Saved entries
[Start of section]

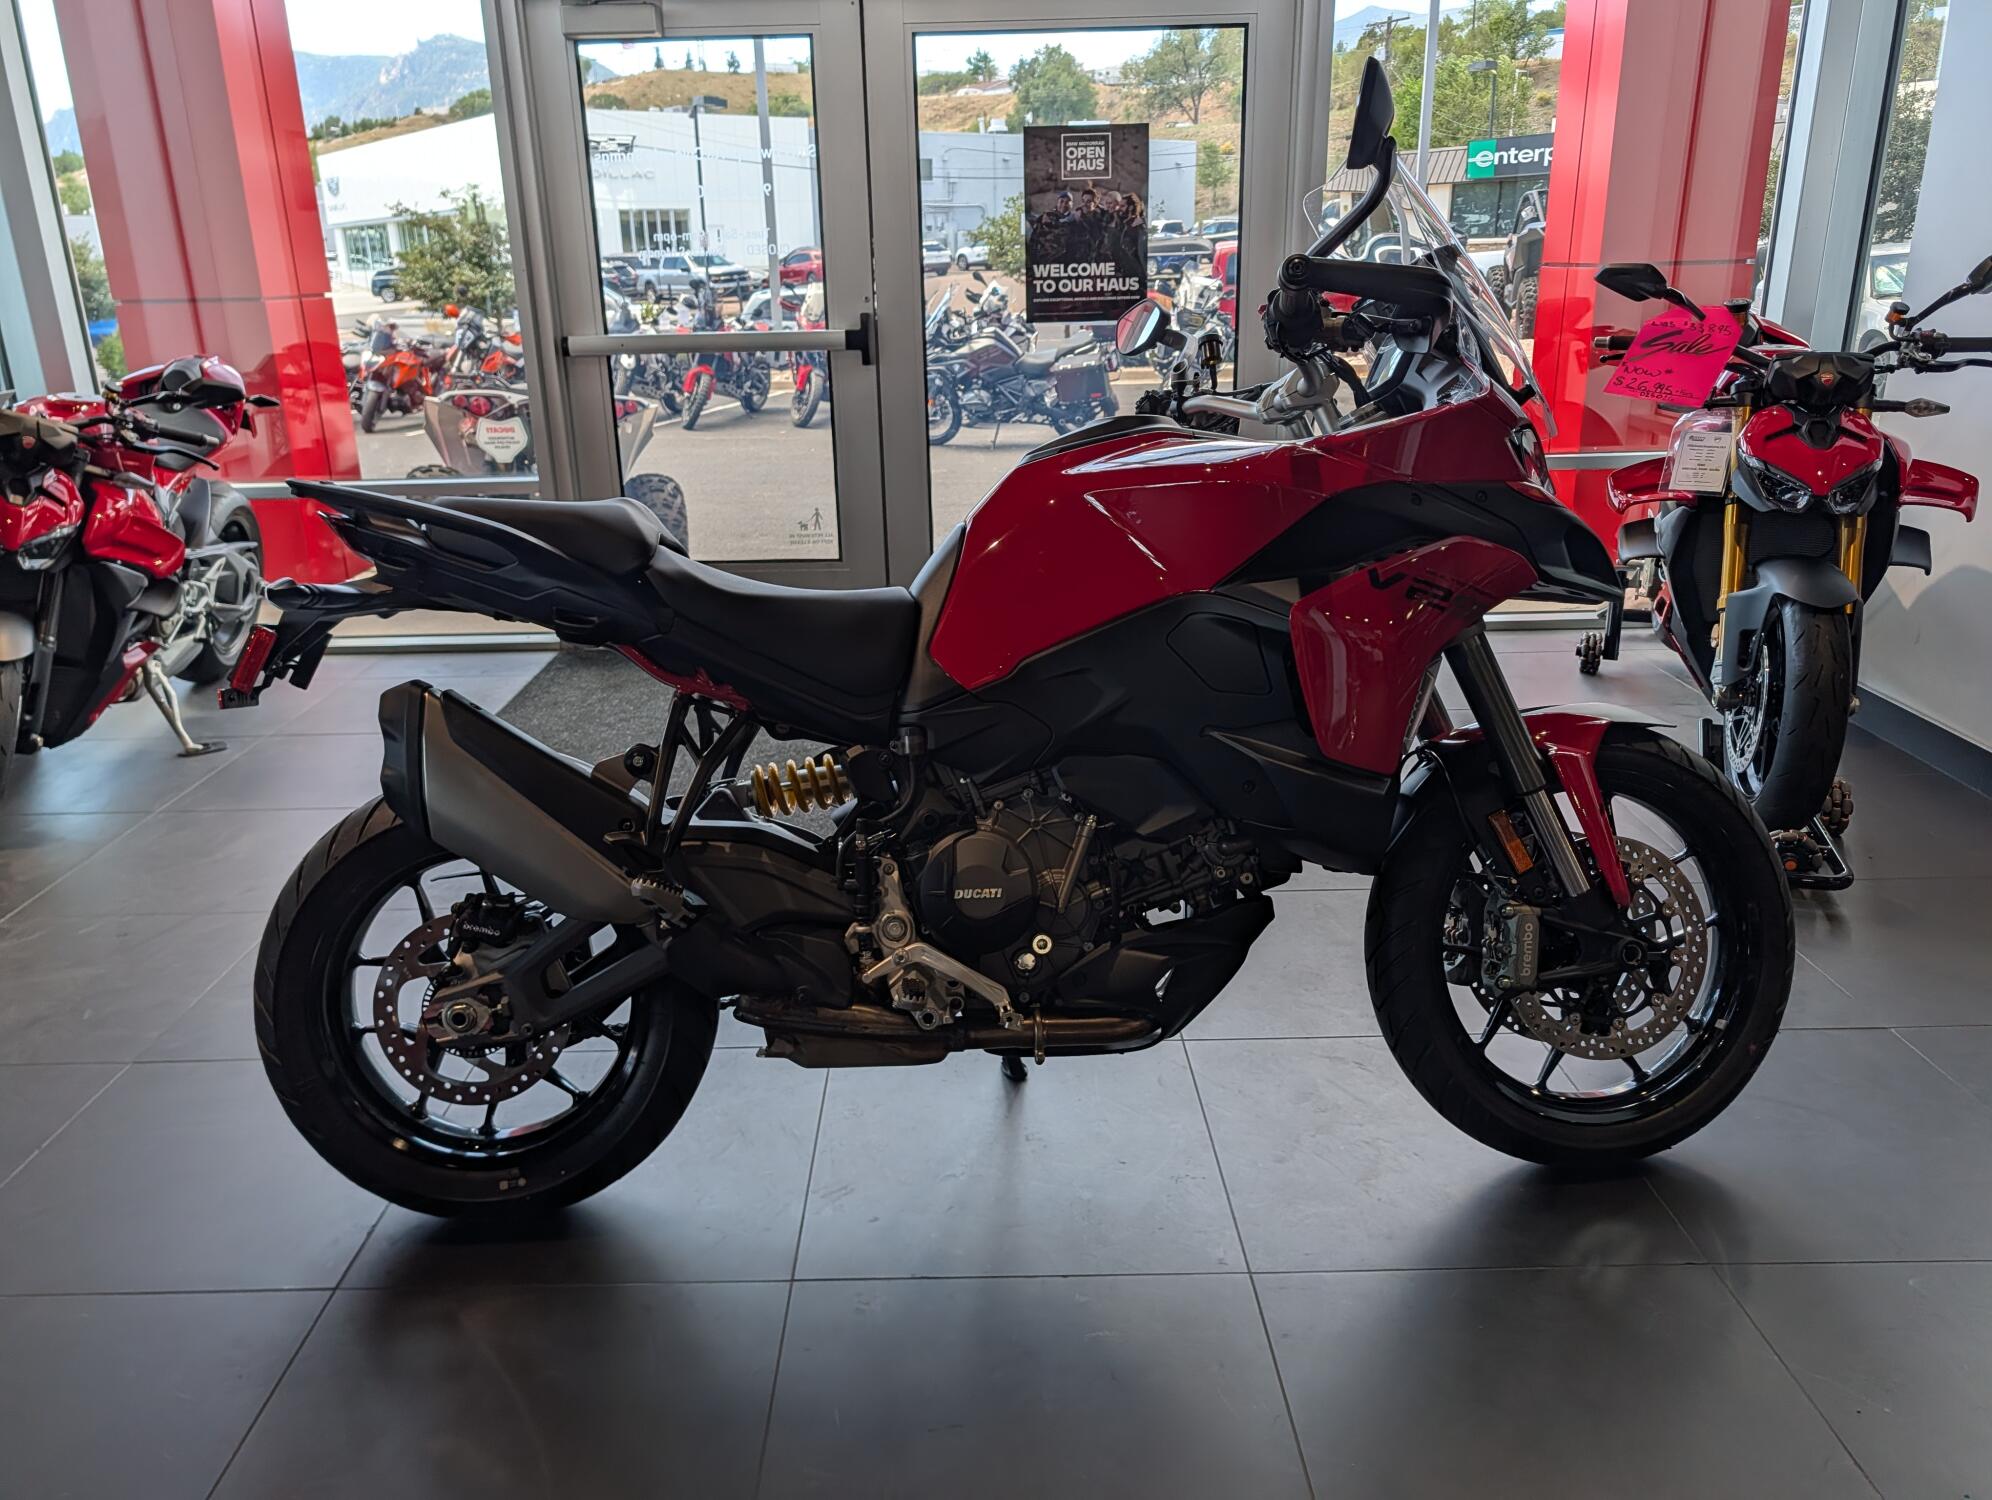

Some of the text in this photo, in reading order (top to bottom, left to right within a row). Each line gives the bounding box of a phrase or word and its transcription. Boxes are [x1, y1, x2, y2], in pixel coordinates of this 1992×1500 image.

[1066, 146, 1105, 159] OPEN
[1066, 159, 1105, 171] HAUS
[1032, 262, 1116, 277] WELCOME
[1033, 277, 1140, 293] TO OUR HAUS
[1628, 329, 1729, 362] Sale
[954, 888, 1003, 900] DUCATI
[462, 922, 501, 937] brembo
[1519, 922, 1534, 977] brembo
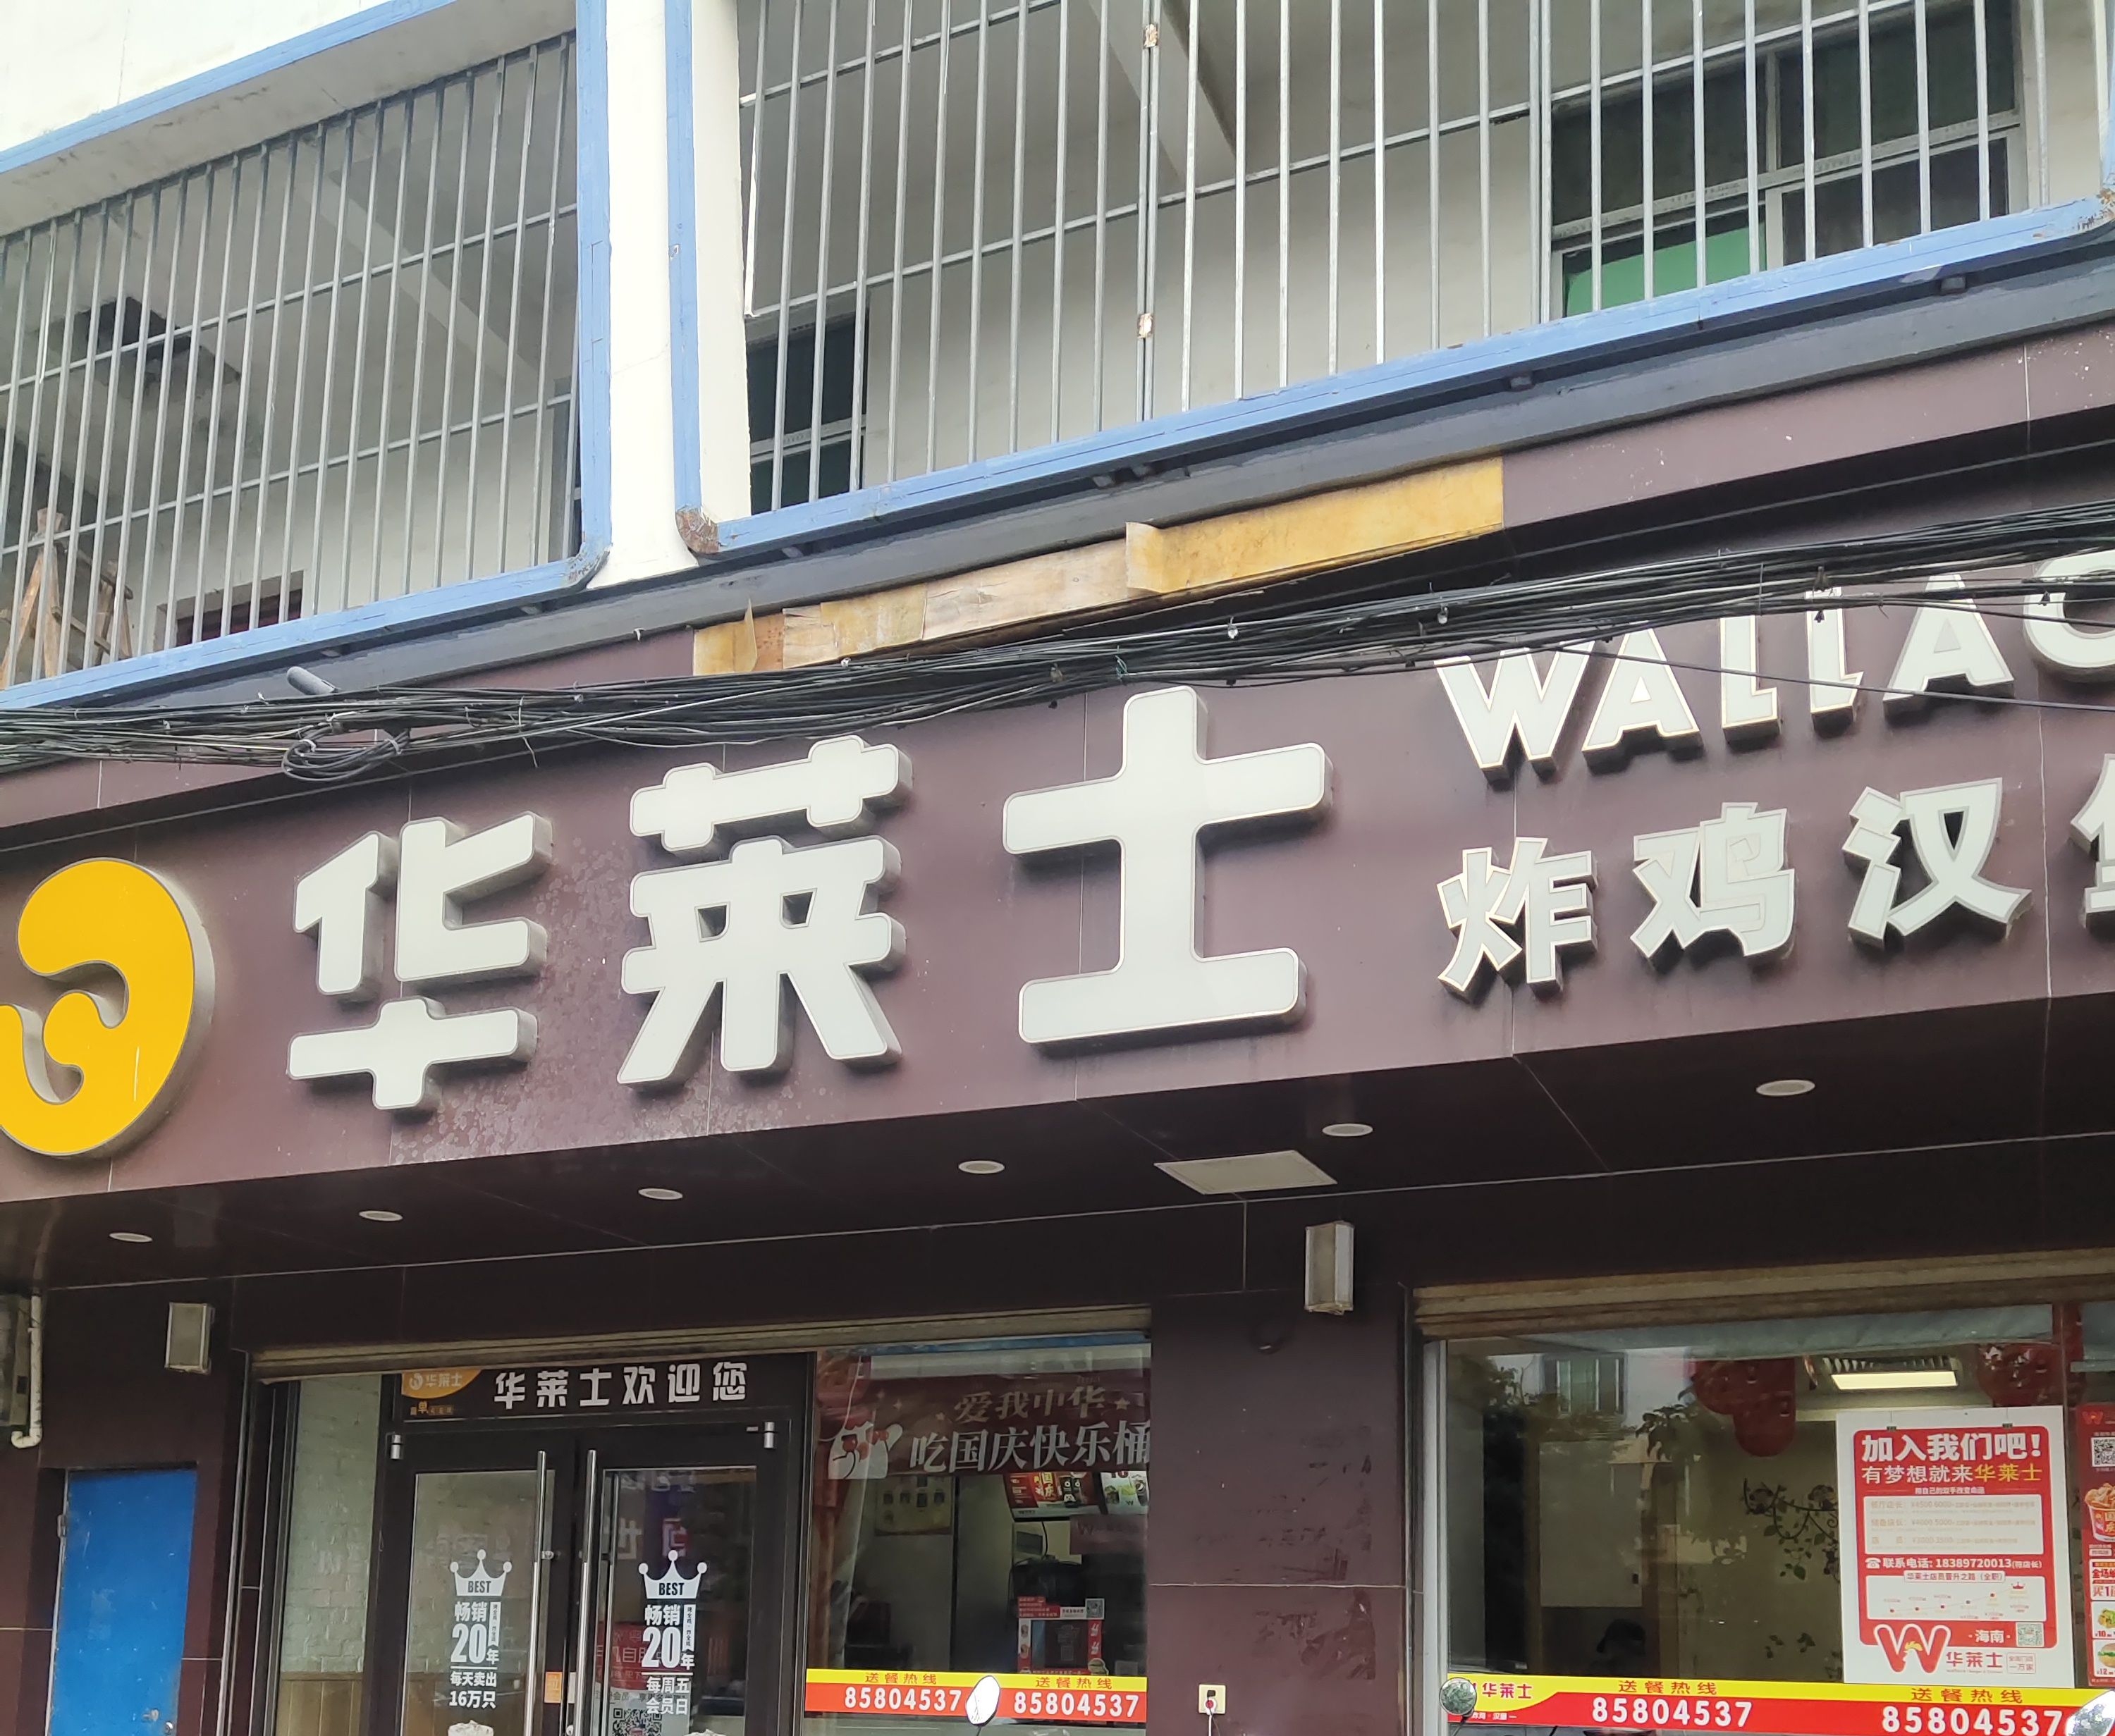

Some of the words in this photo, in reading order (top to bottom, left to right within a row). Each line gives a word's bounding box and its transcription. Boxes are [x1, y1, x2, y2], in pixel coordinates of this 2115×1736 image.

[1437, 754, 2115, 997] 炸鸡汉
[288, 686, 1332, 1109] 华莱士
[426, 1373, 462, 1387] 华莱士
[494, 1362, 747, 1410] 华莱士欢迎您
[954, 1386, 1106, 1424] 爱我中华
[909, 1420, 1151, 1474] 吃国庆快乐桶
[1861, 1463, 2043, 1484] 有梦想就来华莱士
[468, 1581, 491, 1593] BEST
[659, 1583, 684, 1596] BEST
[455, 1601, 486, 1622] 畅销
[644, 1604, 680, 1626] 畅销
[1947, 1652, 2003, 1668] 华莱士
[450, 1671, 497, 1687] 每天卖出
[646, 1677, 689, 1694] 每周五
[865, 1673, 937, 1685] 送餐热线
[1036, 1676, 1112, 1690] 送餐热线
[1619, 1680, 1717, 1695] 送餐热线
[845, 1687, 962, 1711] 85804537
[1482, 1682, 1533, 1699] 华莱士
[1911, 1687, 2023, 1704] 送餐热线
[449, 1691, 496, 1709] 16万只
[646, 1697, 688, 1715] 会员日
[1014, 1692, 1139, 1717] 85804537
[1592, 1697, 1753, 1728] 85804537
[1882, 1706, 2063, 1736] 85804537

[End of section]

▶ **THE PROBLEM**
Without changing a word, retype the data above and omit its pictures.

▶ **RESULT FOR THIS TASK**
Some of the text in this photo, in reading order (top to bottom, left to right within a row). Each line gives the bounding box of a phrase or word and its transcription. Boxes are [x1, y1, x2, y2], in pixel coordinates of this 1992×1500 image.

[1066, 146, 1105, 159] OPEN
[1066, 159, 1105, 171] HAUS
[1032, 262, 1116, 277] WELCOME
[1033, 277, 1140, 293] TO OUR HAUS
[1628, 329, 1729, 362] Sale
[954, 888, 1003, 900] DUCATI
[462, 922, 501, 937] brembo
[1519, 922, 1534, 977] brembo

Some of the words in this photo, in reading order (top to bottom, left to right within a row). Each line gives a word's bounding box and its transcription. Boxes are [x1, y1, x2, y2], in pixel coordinates of this 2115×1736 image.

[1437, 754, 2115, 997] 炸鸡汉
[288, 686, 1332, 1109] 华莱士
[426, 1373, 462, 1387] 华莱士
[494, 1362, 747, 1410] 华莱士欢迎您
[954, 1386, 1106, 1424] 爱我中华
[909, 1420, 1151, 1474] 吃国庆快乐桶
[1861, 1463, 2043, 1484] 有梦想就来华莱士
[468, 1581, 491, 1593] BEST
[659, 1583, 684, 1596] BEST
[455, 1601, 486, 1622] 畅销
[644, 1604, 680, 1626] 畅销
[1947, 1652, 2003, 1668] 华莱士
[450, 1671, 497, 1687] 每天卖出
[646, 1677, 689, 1694] 每周五
[865, 1673, 937, 1685] 送餐热线
[1036, 1676, 1112, 1690] 送餐热线
[1619, 1680, 1717, 1695] 送餐热线
[845, 1687, 962, 1711] 85804537
[1482, 1682, 1533, 1699] 华莱士
[1911, 1687, 2023, 1704] 送餐热线
[449, 1691, 496, 1709] 16万只
[646, 1697, 688, 1715] 会员日
[1014, 1692, 1139, 1717] 85804537
[1592, 1697, 1753, 1728] 85804537
[1882, 1706, 2063, 1736] 85804537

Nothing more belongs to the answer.